> **Exercise aim**: Output every record again so that it matches the original word for word.

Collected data
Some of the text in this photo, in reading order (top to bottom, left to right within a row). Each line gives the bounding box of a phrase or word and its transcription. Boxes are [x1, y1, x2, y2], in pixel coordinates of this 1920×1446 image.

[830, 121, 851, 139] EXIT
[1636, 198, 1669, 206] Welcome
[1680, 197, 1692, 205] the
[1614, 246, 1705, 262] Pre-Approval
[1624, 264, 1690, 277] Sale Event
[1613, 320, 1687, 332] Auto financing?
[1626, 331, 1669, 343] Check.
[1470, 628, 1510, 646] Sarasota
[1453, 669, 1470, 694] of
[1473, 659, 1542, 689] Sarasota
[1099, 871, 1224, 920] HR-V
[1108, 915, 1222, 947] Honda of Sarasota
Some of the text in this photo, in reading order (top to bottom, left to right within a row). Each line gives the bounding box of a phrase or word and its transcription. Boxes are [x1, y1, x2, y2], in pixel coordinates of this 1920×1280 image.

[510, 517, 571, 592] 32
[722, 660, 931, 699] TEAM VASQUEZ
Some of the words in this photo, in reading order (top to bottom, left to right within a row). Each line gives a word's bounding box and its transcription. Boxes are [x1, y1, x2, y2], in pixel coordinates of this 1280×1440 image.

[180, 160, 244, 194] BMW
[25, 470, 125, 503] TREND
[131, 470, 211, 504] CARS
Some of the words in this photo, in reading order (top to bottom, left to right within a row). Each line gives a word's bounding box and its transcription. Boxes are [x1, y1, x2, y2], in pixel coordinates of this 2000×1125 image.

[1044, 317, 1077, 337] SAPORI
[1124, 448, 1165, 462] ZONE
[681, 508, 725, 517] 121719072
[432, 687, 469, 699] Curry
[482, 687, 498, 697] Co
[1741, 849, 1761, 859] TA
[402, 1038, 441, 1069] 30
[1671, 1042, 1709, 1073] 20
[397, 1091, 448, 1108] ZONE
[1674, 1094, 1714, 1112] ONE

> **Written answer**:
Some of the text in this photo, in reading order (top to bottom, left to right within a row). Each line gives the bounding box of a phrase or word and its transcription. Boxes are [x1, y1, x2, y2], in pixel coordinates of this 1920×1446 image.

[830, 121, 851, 139] EXIT
[1636, 198, 1669, 206] Welcome
[1680, 197, 1692, 205] the
[1614, 246, 1705, 262] Pre-Approval
[1624, 264, 1690, 277] Sale Event
[1613, 320, 1687, 332] Auto financing?
[1626, 331, 1669, 343] Check.
[1470, 628, 1510, 646] Sarasota
[1453, 669, 1470, 694] of
[1473, 659, 1542, 689] Sarasota
[1099, 871, 1224, 920] HR-V
[1108, 915, 1222, 947] Honda of Sarasota
Some of the text in this photo, in reading order (top to bottom, left to right within a row). Each line gives the bounding box of a phrase or word and its transcription. Boxes are [x1, y1, x2, y2], in pixel coordinates of this 1920×1280 image.

[510, 517, 571, 592] 32
[722, 660, 931, 699] TEAM VASQUEZ
Some of the words in this photo, in reading order (top to bottom, left to right within a row). Each line gives a word's bounding box and its transcription. Boxes are [x1, y1, x2, y2], in pixel coordinates of this 1280×1440 image.

[180, 160, 244, 194] BMW
[25, 470, 125, 503] TREND
[131, 470, 211, 504] CARS
Some of the words in this photo, in reading order (top to bottom, left to right within a row). Each line gives a word's bounding box and its transcription. Boxes are [x1, y1, x2, y2], in pixel coordinates of this 2000×1125 image.

[1044, 317, 1077, 337] SAPORI
[1124, 448, 1165, 462] ZONE
[681, 508, 725, 517] 121719072
[432, 687, 469, 699] Curry
[482, 687, 498, 697] Co
[1741, 849, 1761, 859] TA
[402, 1038, 441, 1069] 30
[1671, 1042, 1709, 1073] 20
[397, 1091, 448, 1108] ZONE
[1674, 1094, 1714, 1112] ONE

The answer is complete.